For each of the past 42 years, America has imported more goods than it has exported. Before 1976, America had a trade surplus each year beginning with the end of World War II.
Imposing tariffs and quotas to create more balance with U.S. trading partners could help reduce imports, but it’s likely to result in a trade war, in which both sides lose. So what’s the best way to deal with the trade deficit?
While unfair practices, such as China’s ongoing theft of U.S. intellectual property, need to be addressed, overall, a trade deficit has little if any impact on the country’s economic well-being and employment. In fact, when the imbalance is caused by foreign investment in the U.S., as has been the case for many years, the economy benefits.
In spite of the current trade deficit of $566 billion (imports of $2.895 trillion vs. exports of $2.329 trillion), the economy is growing at a rate of close to 3% and the unemployment rate has fallen to 4.1%. The Federal Reserve Board predicts that unemployment will fall to 3.8% this year and 3.6% next year.
“During the Reagan revitalization,” Phil Gramm and Mike Solon wrote in The Wall Street Journal, “strong economic growth was achieved even as the aggregate trade deficit as a percentage of gross domestic product quintupled. During the Clinton boom, the trade deficit more than quadrupled as a percentage of GDP. By contrast, during the weakest postwar recovery, 2009-16, the trade deficit barely changed, and in four of the five recessions between 1980 and 2008, the trade deficit shrank.”
Most economists believe that low saving rates and government deficits significantly contribute to the U.S. trade deficit. And yet the trade deficit quadrupled during the Clinton years, when the U.S. ran budget surpluses and strong economic growth attracted foreign capital.
If anything, the trade deficit has reflected economic health, as in every year the U.S. ran a trade deficit, it also ran a capital surplus.
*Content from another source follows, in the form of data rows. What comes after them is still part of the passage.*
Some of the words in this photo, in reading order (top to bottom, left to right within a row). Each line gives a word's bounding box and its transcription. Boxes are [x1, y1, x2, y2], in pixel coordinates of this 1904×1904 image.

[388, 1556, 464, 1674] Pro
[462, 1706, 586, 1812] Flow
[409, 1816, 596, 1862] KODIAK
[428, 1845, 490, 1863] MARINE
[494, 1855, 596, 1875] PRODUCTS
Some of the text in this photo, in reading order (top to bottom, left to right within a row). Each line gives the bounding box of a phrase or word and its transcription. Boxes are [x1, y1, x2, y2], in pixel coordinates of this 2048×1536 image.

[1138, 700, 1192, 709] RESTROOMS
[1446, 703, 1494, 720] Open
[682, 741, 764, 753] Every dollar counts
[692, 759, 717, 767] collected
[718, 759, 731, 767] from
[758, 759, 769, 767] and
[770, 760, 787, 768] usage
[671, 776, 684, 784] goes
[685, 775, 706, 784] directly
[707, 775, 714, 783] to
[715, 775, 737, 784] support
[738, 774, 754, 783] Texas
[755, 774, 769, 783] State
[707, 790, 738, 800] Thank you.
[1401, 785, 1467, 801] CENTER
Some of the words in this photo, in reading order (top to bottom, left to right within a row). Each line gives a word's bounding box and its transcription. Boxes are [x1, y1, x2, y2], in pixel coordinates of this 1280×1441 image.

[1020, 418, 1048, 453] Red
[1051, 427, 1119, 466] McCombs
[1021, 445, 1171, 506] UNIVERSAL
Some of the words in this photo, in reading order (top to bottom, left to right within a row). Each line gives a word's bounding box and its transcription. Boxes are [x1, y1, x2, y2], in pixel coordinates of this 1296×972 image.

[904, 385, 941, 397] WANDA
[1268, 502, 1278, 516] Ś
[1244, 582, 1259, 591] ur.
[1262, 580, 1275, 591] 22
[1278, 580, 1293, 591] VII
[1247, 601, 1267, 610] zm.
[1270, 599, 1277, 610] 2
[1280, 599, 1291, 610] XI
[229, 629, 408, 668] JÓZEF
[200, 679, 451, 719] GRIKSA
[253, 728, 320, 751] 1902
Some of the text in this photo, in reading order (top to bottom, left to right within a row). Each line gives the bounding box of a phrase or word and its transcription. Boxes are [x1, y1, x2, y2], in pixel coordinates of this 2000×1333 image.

“The iron law of global trade accounting is that a country’s trade-account deficit must equal its capital-account surplus, and vice versa,” according to Gramm and Solon. “This law follows from the logic of double-entry bookkeeping—and also from the simple truth that when people trade freely with buyers and sellers abroad, the total value of goods, services, assets and currency exchanged by all parties must equal out. Only those who use coercion—governments and criminals—can take more than they give.”
If the supply and demand for dollars were unequal, and trade and capital accounts did not offset each other, the value of the dollar would rise or fall to make them equal.
Thanks to recent tax reform and deregulation, the capital surplus is almost certain to increase.
“The administration’s successful effort to lift regulatory burdens will reinforce earnings repatriation, and foreign capital seems certain to follow,” according to Gramm and Solon. “Thus the net result of the successful tax reform and deregulatory effort will almost certainly be an expansion in the capital surplus—and therefore an increase in the aggregate trade deficit.”
We could reduce the trade deficit by reducing the inflow of foreign capital, but doing so would jeopardize economic growth.
“In the 10 expansions prior to the Obama era, private investment averaged a strong 17.5% of GDP,” according to Gramm and Solon. “During those periods, the federal government competed against private investment for available credit by borrowing, on average, the equivalent of 1.6% of GDP to fund its deficit. Now even if strong growth offsets the forgone revenue from tax reform, the exploding cost of servicing the federal debt, along with bond sales by the Federal Reserve as it normalizes its balance sheet, could easily absorb available credit equal to some 9% of GDP.”
So the trade deficit isn’t the problem. The budget deficit is.